**Task to carry out**
Quote the records beneath, complete and exact. Leave out images.

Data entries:

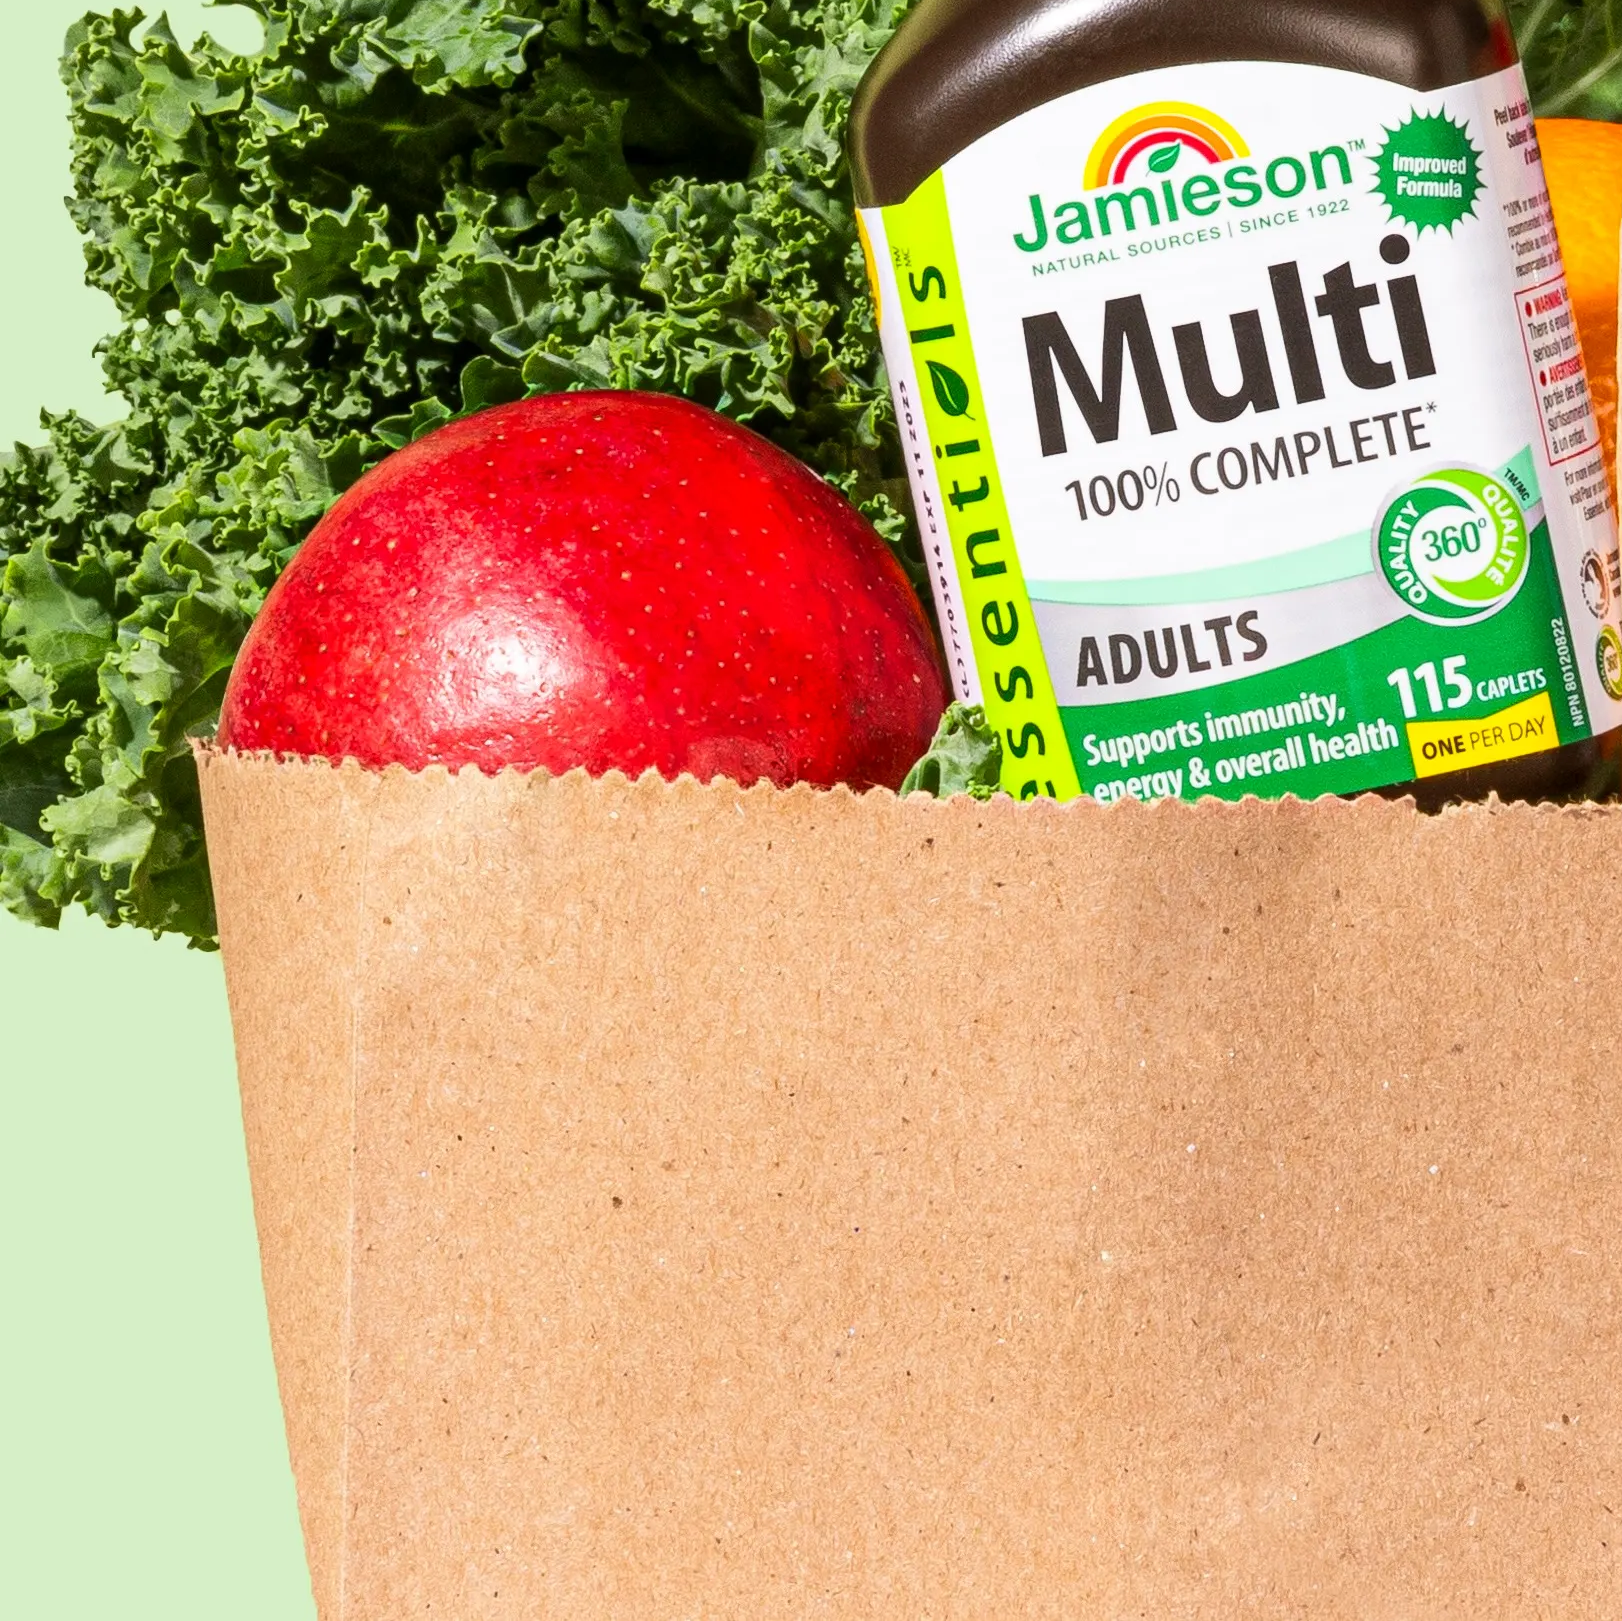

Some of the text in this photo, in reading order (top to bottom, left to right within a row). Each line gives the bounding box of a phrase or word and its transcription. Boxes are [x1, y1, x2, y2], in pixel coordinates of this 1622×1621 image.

[1013, 144, 1353, 253] Jamieson
[1392, 152, 1467, 177] Improved
[1396, 175, 1463, 198] Formula
[1032, 198, 1350, 277] NATURAL SOURCES SINCE 1922
[1021, 233, 1437, 457] Multi
[922, 491, 938, 535] EXP
[1064, 461, 1181, 521] 100%
[1504, 467, 1530, 502] TM/MC
[1388, 500, 1428, 605] QUALITY
[1076, 609, 1268, 687] ADULTS
[1550, 616, 1585, 728] NPN 80120822
[1387, 653, 1547, 719] 115 CAPLETS
[1082, 692, 1346, 768] Supports immunity,
[1187, 756, 1212, 789] &
[1214, 734, 1306, 783] overall
[1307, 717, 1400, 765] health
[1421, 715, 1546, 761] ONE PER DAY
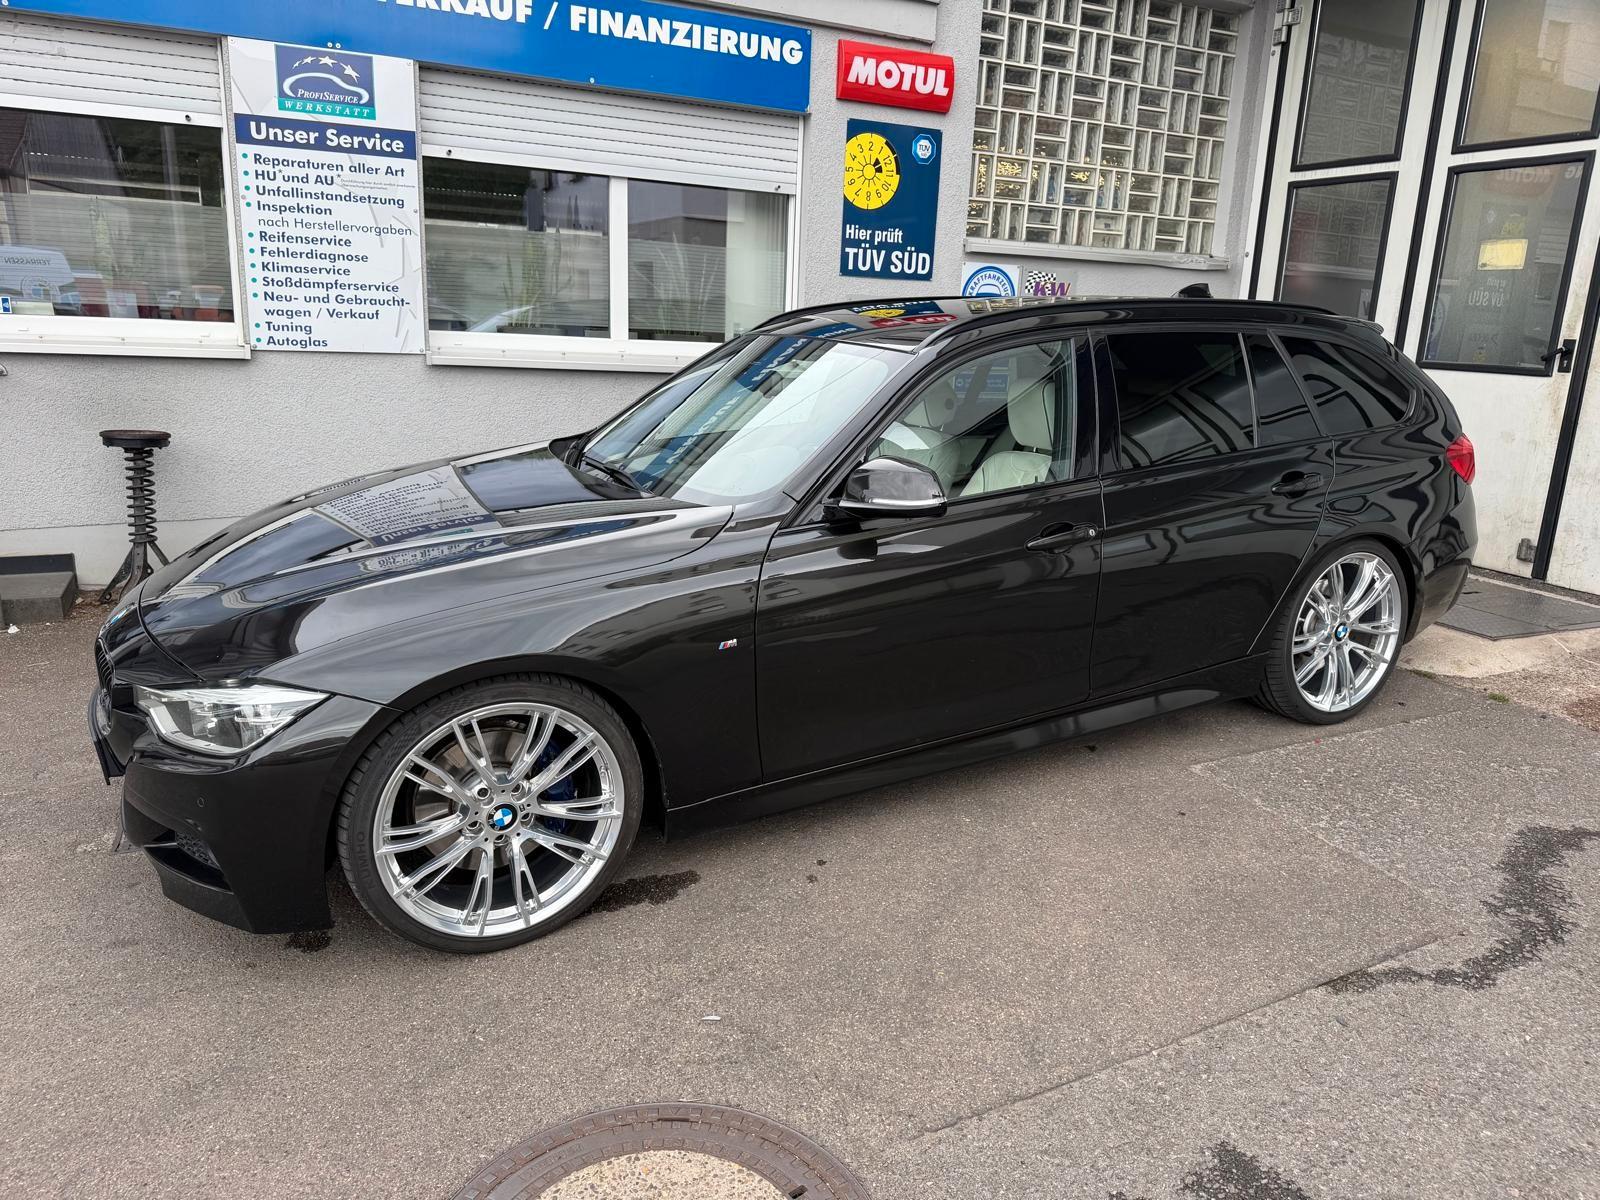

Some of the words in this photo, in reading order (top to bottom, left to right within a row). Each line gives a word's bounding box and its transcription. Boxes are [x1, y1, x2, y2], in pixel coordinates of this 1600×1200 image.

**Result**
Some of the text in this photo, in reading order (top to bottom, left to right within a row). Each line gives the bounding box of a phrase or word and its transcription. Boxes are [x1, y1, x2, y2], in pixel coordinates of this 1622×1621 image.

[1013, 144, 1353, 253] Jamieson
[1392, 152, 1467, 177] Improved
[1396, 175, 1463, 198] Formula
[1032, 198, 1350, 277] NATURAL SOURCES SINCE 1922
[1021, 233, 1437, 457] Multi
[922, 491, 938, 535] EXP
[1064, 461, 1181, 521] 100%
[1504, 467, 1530, 502] TM/MC
[1388, 500, 1428, 605] QUALITY
[1076, 609, 1268, 687] ADULTS
[1550, 616, 1585, 728] NPN 80120822
[1387, 653, 1547, 719] 115 CAPLETS
[1082, 692, 1346, 768] Supports immunity,
[1187, 756, 1212, 789] &
[1214, 734, 1306, 783] overall
[1307, 717, 1400, 765] health
[1421, 715, 1546, 761] ONE PER DAY

Some of the words in this photo, in reading order (top to bottom, left to right within a row). Each line gives a word's bounding box and its transcription. Boxes are [x1, y1, x2, y2], in pixel coordinates of this 1600×1200 image.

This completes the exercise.